■ **To do**
Produce an exact transcription of the data, with the images left out.

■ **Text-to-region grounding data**
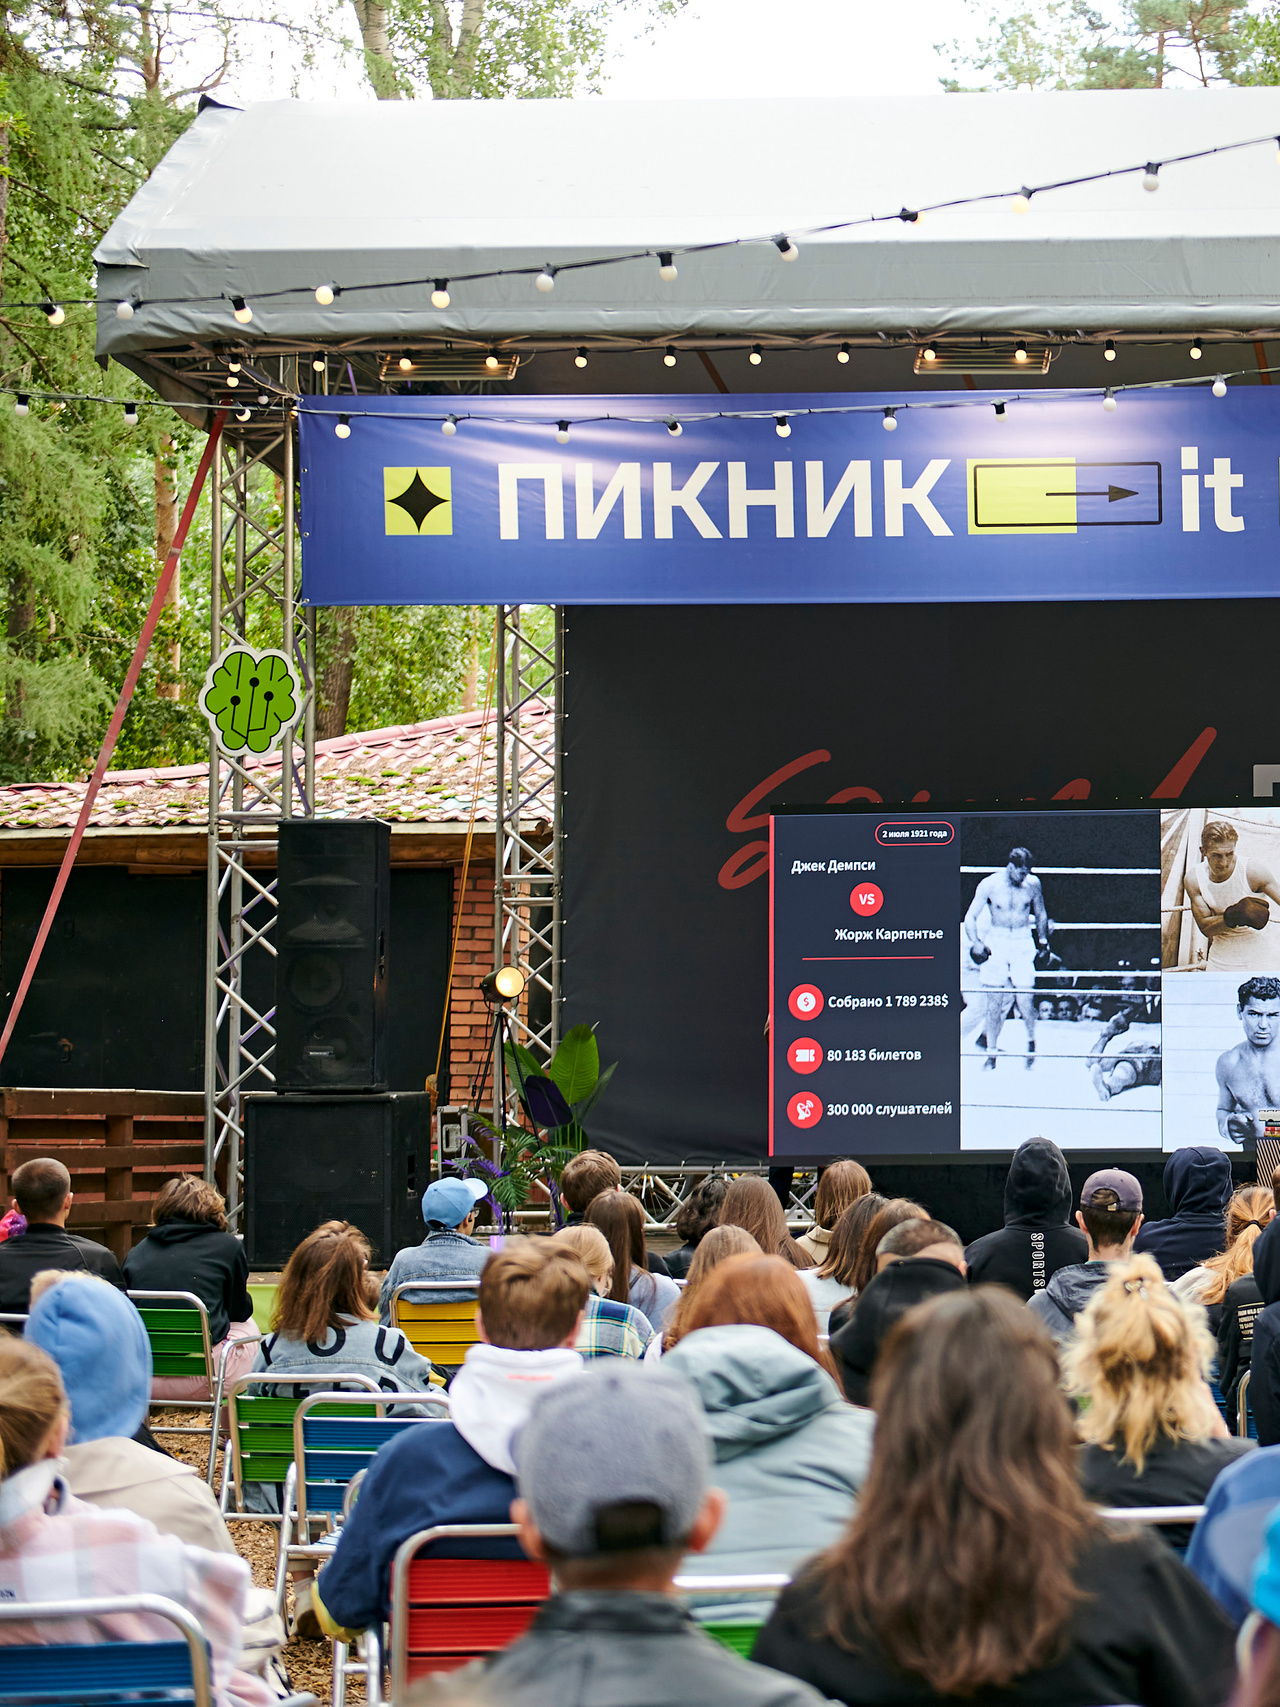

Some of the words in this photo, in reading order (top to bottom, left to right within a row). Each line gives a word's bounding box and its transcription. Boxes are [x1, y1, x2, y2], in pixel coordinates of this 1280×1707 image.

[1181, 446, 1245, 533] it
[498, 459, 954, 540] ПИКНИК
[882, 830, 888, 838] 2
[888, 830, 910, 839] июля
[910, 829, 929, 838] 1921
[929, 830, 948, 839] года
[790, 860, 826, 875] Джек
[827, 859, 876, 874] Демпси
[858, 893, 876, 905] VS
[834, 928, 874, 943] Жорж
[875, 928, 944, 943] Карпентье
[828, 995, 883, 1010] Собрано
[885, 996, 893, 1008] 1
[894, 995, 918, 1007] 789
[919, 993, 949, 1008] 238$
[826, 1049, 842, 1062] 80
[844, 1049, 867, 1061] 183
[868, 1048, 922, 1061] билетов
[826, 1103, 849, 1116] 300
[851, 1103, 874, 1115] 000
[875, 1101, 952, 1118] слушателей

■ **Finished exercise**
Some of the words in this photo, in reading order (top to bottom, left to right within a row). Each line gives a word's bounding box and its transcription. Boxes are [x1, y1, x2, y2], in pixel coordinates of this 1280×1707 image.

[1181, 446, 1245, 533] it
[498, 459, 954, 540] ПИКНИК
[882, 830, 888, 838] 2
[888, 830, 910, 839] июля
[910, 829, 929, 838] 1921
[929, 830, 948, 839] года
[790, 860, 826, 875] Джек
[827, 859, 876, 874] Демпси
[858, 893, 876, 905] VS
[834, 928, 874, 943] Жорж
[875, 928, 944, 943] Карпентье
[828, 995, 883, 1010] Собрано
[885, 996, 893, 1008] 1
[894, 995, 918, 1007] 789
[919, 993, 949, 1008] 238$
[826, 1049, 842, 1062] 80
[844, 1049, 867, 1061] 183
[868, 1048, 922, 1061] билетов
[826, 1103, 849, 1116] 300
[851, 1103, 874, 1115] 000
[875, 1101, 952, 1118] слушателей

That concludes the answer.